> I've checked logs, so far I don't see anything suspicious there
> except of "acpi PNP0C80:00: Already enumerated" lines,
> probably rising log level might show more info
> + upload full logs
> + enable ACPI debug info to so that dimm device's _CRS would show up
> + QEMU's CLI that was used to produce such log
>
> wrt migration:
> could you provide exact CLI args on source and destination along with
> used intermediate mem hotplug commands or even better if it's just
> reproduced with migration of cold-plugged dimm-s for simplification
> + steps to reproduce (and guest kernel versions).
Thanks Igor,
I am using 3.10 and 3.16 guest kernels lately, but it seems that the
issue is hitting every OS. Issue is not reproducible with cold-plugged
DIMMs at all which is kinda confusing, bearing in mind race-like
behavior described previously, either the guest kernel is partially
responsible for the issue or its nature will be ultimately weird. You
can borrow full cli arg set from the message containing 'Please find
the full cli args and two guest logs for DIMM' three days ago in this
chain. The destination emulator launch string is identical to source
plus device/object pairs in the args for hotplugged memory; mem
devices are getting onlined automatically via udev script. My
colleague suggested me to disable CONFIG_SPARSEMEM_VMEMMAP to remove
the side mess of printks from sparse hotplug mapping and, as it was
shown with that, there is nothing wrong with per-dimm memory
population map, the runtime and coldplugged maps are identical in this
case.
Another trace with null IP is attached, it is produced by running fio.

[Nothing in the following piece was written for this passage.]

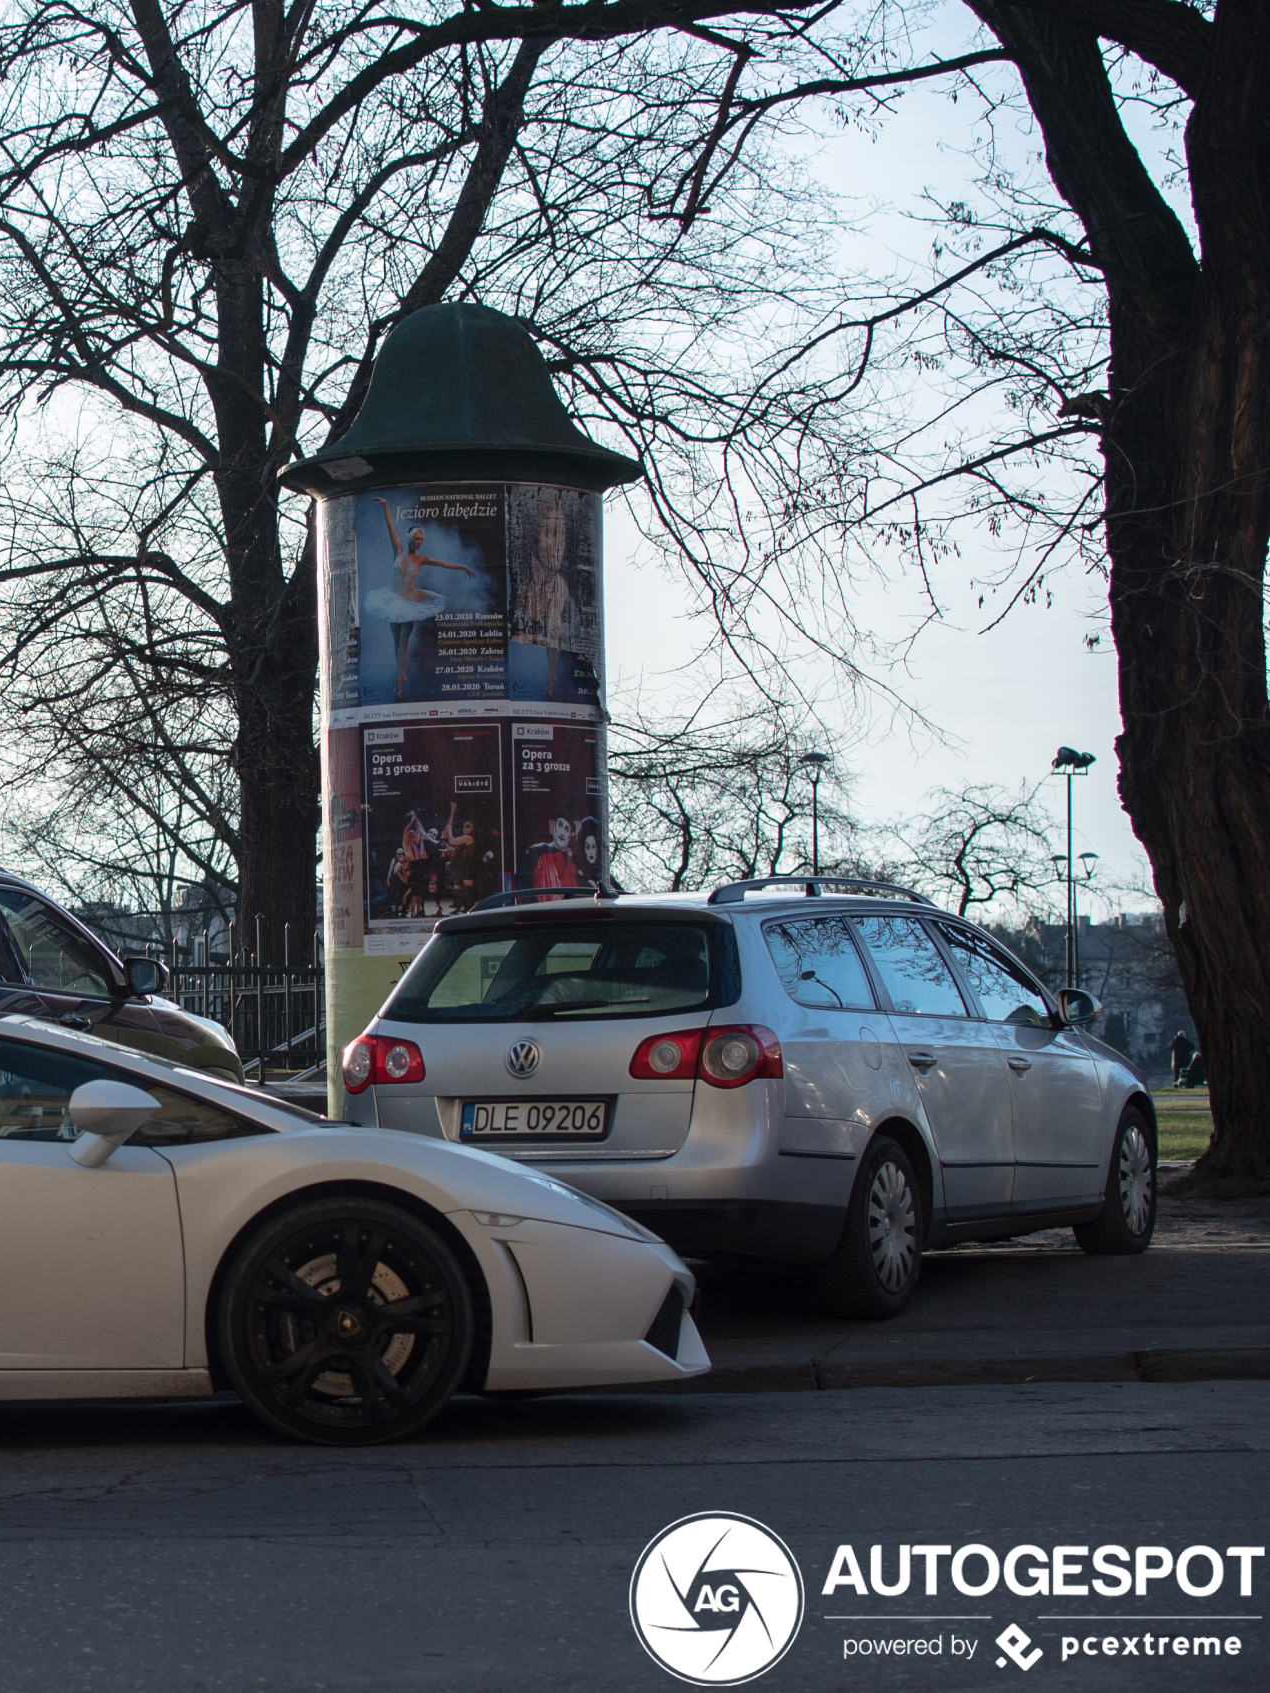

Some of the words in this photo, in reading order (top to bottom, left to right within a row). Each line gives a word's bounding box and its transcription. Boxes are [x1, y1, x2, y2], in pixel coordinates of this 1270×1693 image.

The easiest way to set up the test bed and to reproduce the issue is
to launch an attached VM with xml (add disk and optionally framebuffer
for convenience), ripping out two or three dimms, then stop libvirt,
add those dimms back in a runtime config, launch libvirt back, add
those dimms, put the workload on VM and migrate a VM with live flag.
Or, if it would be more acceptable for you, launch bare qemu with some
empty slots, plug appropriate objects and devices in (object_add
memory-backend-ram,id=memX,size=512M,
pc-dimm,id=dimmX,node=0,memdev=memX) and migrate to a receiver with
same dimms added to the args. Please not forget to online dimms in
guest as well.
I don`t think that it could be ACPI-related in any way, instead, it
looks like race in vhost or simular mm-touching mechanism. The
repeated hits you mentioned should be fixed as well indeed, but they
can be barely the reason for this problem.

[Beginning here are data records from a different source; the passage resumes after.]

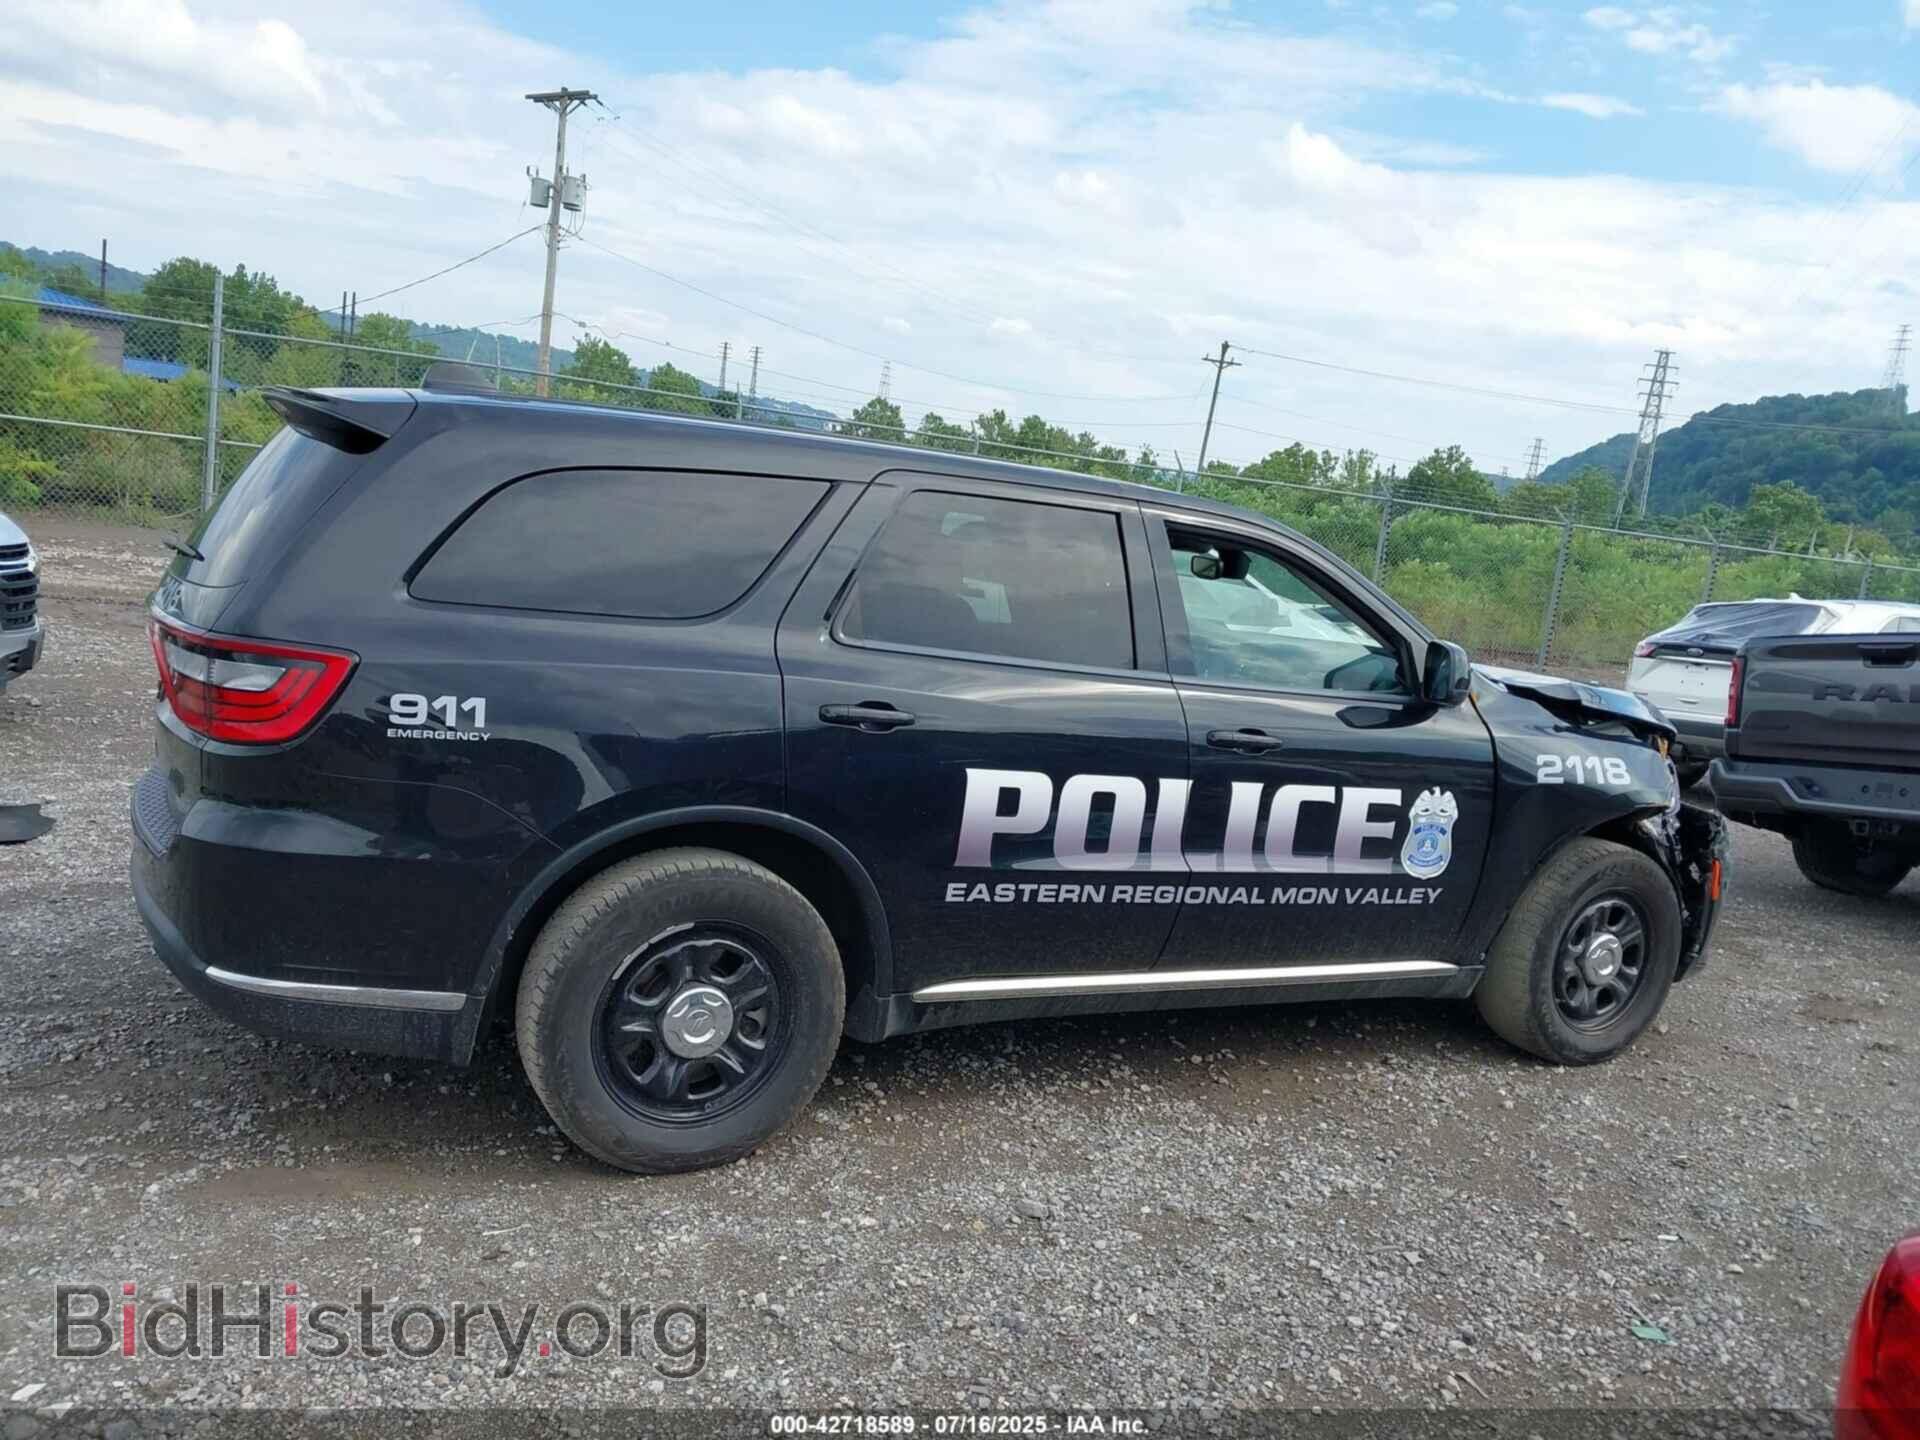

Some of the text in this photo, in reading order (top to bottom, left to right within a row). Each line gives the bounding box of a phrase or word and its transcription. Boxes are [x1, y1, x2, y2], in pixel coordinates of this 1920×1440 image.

[388, 693, 485, 727] 911
[387, 729, 491, 741] EMERGENCY
[1536, 754, 1631, 785] 2118
[953, 768, 1403, 874] POLICE
[945, 883, 1444, 905] EASTERN REGIONAL MON VALLEY

[ 76.906896] random: nonblocking pool is initialized
[ 89.508346] BUG: unable to handle kernel NULL pointer dereference at
(null)
[ 89.511075] IP: [<ffffffffa0150f6b>] mpage_process_page_bufs+0x2b/0x120
[ext4]
[ 89.512089] PGD 1b755f067 PUD 167e1e067 PMD 0
[ 89.512089] Oops: 0000 [#1] SMP
[ 89.512089] Modules linked in: nfsd auth_rpcgss oid_registry nfs_acl nfs
lockd fscache sunrpc netconsole configfs loop crct10dif_pclmul crct10dif_common
crc32_pclmul ghash_clmulni_intel aesni_intel aes_x86_64 lrw psmouse gf128mul
glue_helper i2c_piix4 virtio_console ablk_helper serio_raw pcspkr parport_pc
pvpanic cryptd i2c_core evdev parport processor thermal_sys button ext4 crc16
[ 89.530893] mon-agent[2185]: segfault at 10 ip 00007fa05ae592a8 sp
00007fff1f5ed2c0 error 4
[ 89.530985] in libc-2.13.so[7fa05ade1000+181000]

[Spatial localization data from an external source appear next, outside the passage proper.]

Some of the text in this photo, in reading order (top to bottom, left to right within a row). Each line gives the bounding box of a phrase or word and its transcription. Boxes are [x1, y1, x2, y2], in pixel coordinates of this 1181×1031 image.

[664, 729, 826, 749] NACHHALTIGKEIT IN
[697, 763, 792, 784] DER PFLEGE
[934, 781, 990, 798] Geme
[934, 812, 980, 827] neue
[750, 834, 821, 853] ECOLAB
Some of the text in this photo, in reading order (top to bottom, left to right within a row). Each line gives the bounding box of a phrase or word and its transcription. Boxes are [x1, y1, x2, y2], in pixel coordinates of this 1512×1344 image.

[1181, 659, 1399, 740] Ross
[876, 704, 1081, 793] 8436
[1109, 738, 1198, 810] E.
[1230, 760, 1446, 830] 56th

[ 89.532418] fio[2710]: segfault at 0 ip 0000000000439970 sp 00007fffa3f4e808
error 6
[ 89.532452] in fio[400000+58000]
[ 89.512089] mbcache
[ 89.512089] jbd2 ata_generic virtio_blk virtio_net floppy crc32c_intel
xhci_hcd ata_piix usbcore libata usb_common virtio_pci virtio_ring virtio
scsi_mod
[ 89.512089] CPU: 4 PID: 2715 Comm: fio Not tainted 3.16.7-ckt9 #1
[ 89.512089] Hardware name: SuperMicro Virtual Appliance, BIOS 1.1
[ 89.512089] task: ffff8801b0d00210 ti: ffff8801b3f70000 task.ti:
ffff8801b3f70000
[ 89.512089] RIP: 0010:[<ffffffffa0150f6b>] [<ffffffffa0150f6b>]
mpage_process_page_bufs+0x2b/0x120 [ext4]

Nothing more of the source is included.